Frequent urination is also the normal case for the mother after giving birth. On the first few days after giving birth, the bladder will become less sensitive than usual so it may not feel like peeing even though the bladder is full. Besides, a full bladder makes the uterus more difficult to wrinkle, causing more pain and bleeding. You should try resting as much as you can. If it is too excessive, it can experience longer bleeding or begin to experience bleeding again after lochia is bright or missing. If bright red spots appear after lochia is bright, this can be a sign that you must be careful. If you continue to experience spotting after stopping for several days, consult a doctor or midwife. Don’t delay to contact your doctor if the bleeding is getting heavier, or if you find these cases:
- Lochia is still bright red 4 days after giving birth to a baby.
- Lochia has a bad odor or is accompanied by fever or cold.
- Having abnormal heavy bleeding (filling the pads in 1 hour) or removing blood clots that are larger than the size of a golf ball. This can be a sign of postpartum secondary bleeding (late postpartum hemorrhage).
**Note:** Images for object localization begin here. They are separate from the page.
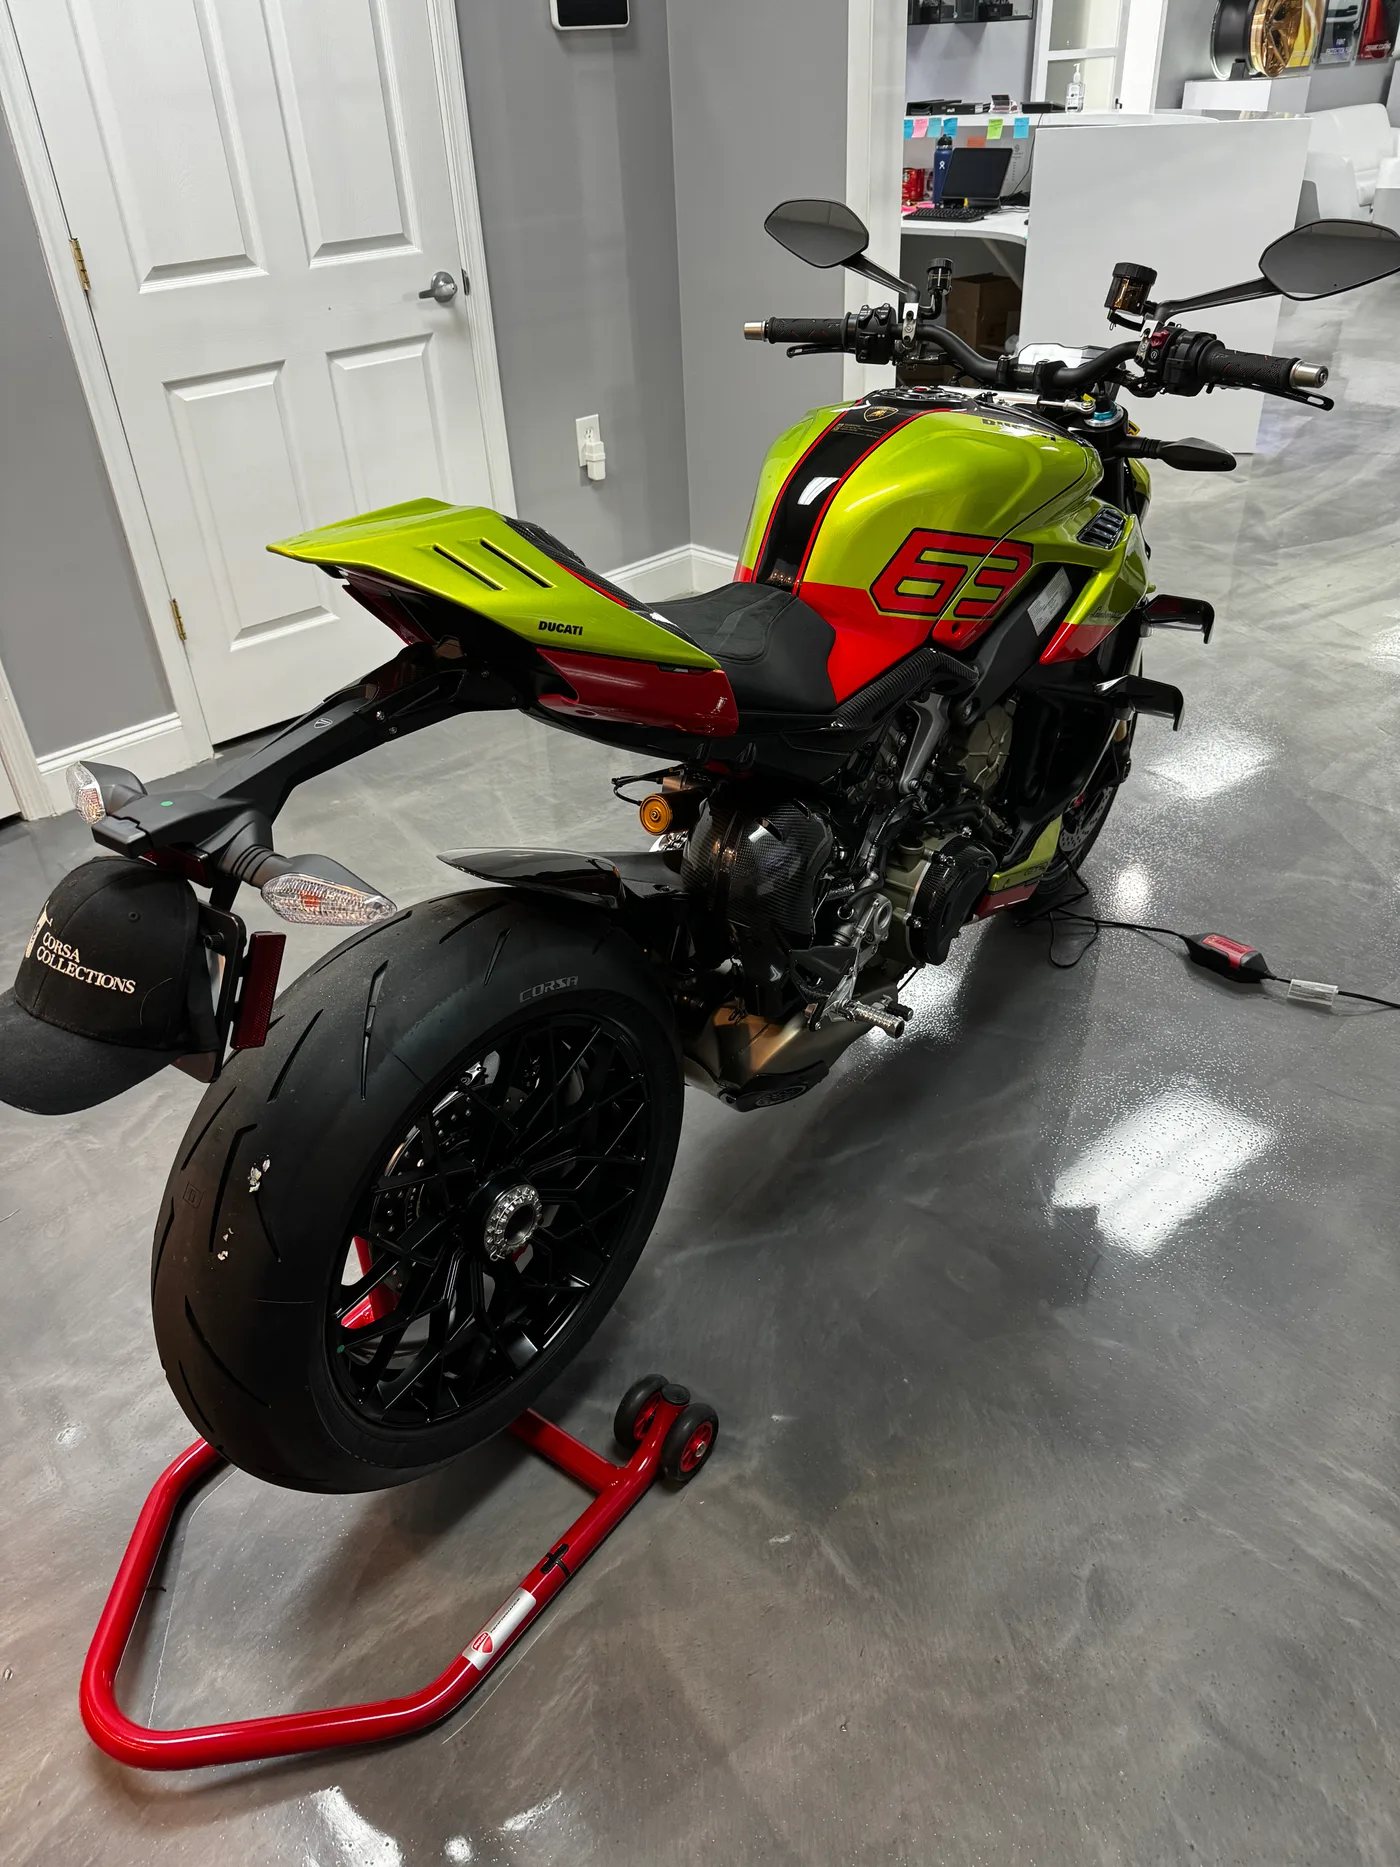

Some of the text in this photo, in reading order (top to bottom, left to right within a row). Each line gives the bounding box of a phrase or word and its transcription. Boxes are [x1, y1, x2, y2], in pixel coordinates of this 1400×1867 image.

[869, 527, 1034, 619] 63
[538, 620, 583, 636] DUCATI
[43, 931, 80, 963] CORSA
[37, 946, 136, 994] COLLECTIONS
[520, 976, 578, 1003] CORSA
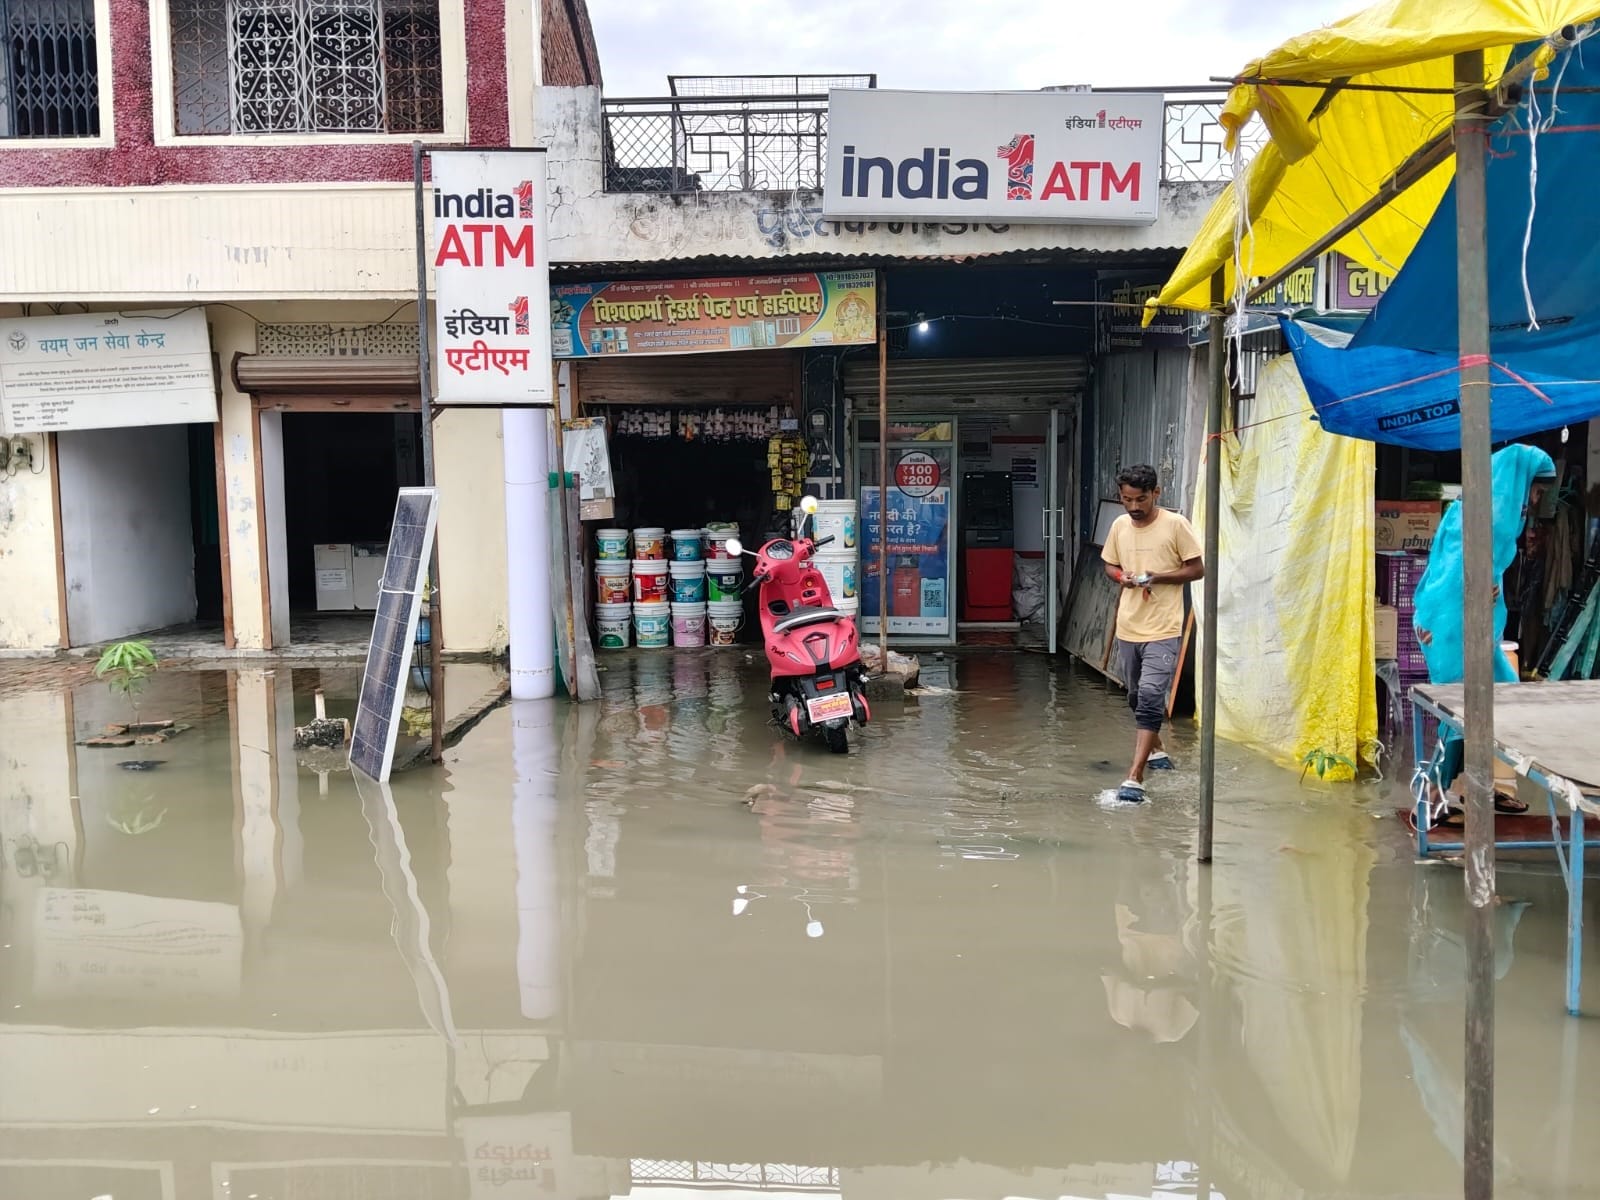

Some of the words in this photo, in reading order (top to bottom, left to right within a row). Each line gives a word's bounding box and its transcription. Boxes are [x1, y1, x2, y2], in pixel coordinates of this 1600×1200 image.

Immediately go to the hospital if you experience very much bleeding or fall unconscious. Bleeding can threaten safety, so you need to be hospitalized until the bleeding stops. The doctor will examine and begin to infuse to give fluids, drugs to help the uterus contract, and possibly antibiotics. Ultrasound will be performed to see if the placental layer is still present in the uterus. If it is still there, the doctor needs to carry out a surgical procedure called dilation and curettage (D & C) to remove it. In extreme cases, if all attempts to overcome the bleeding fail, you need to undergo a hysterectomy (removal of the uterus).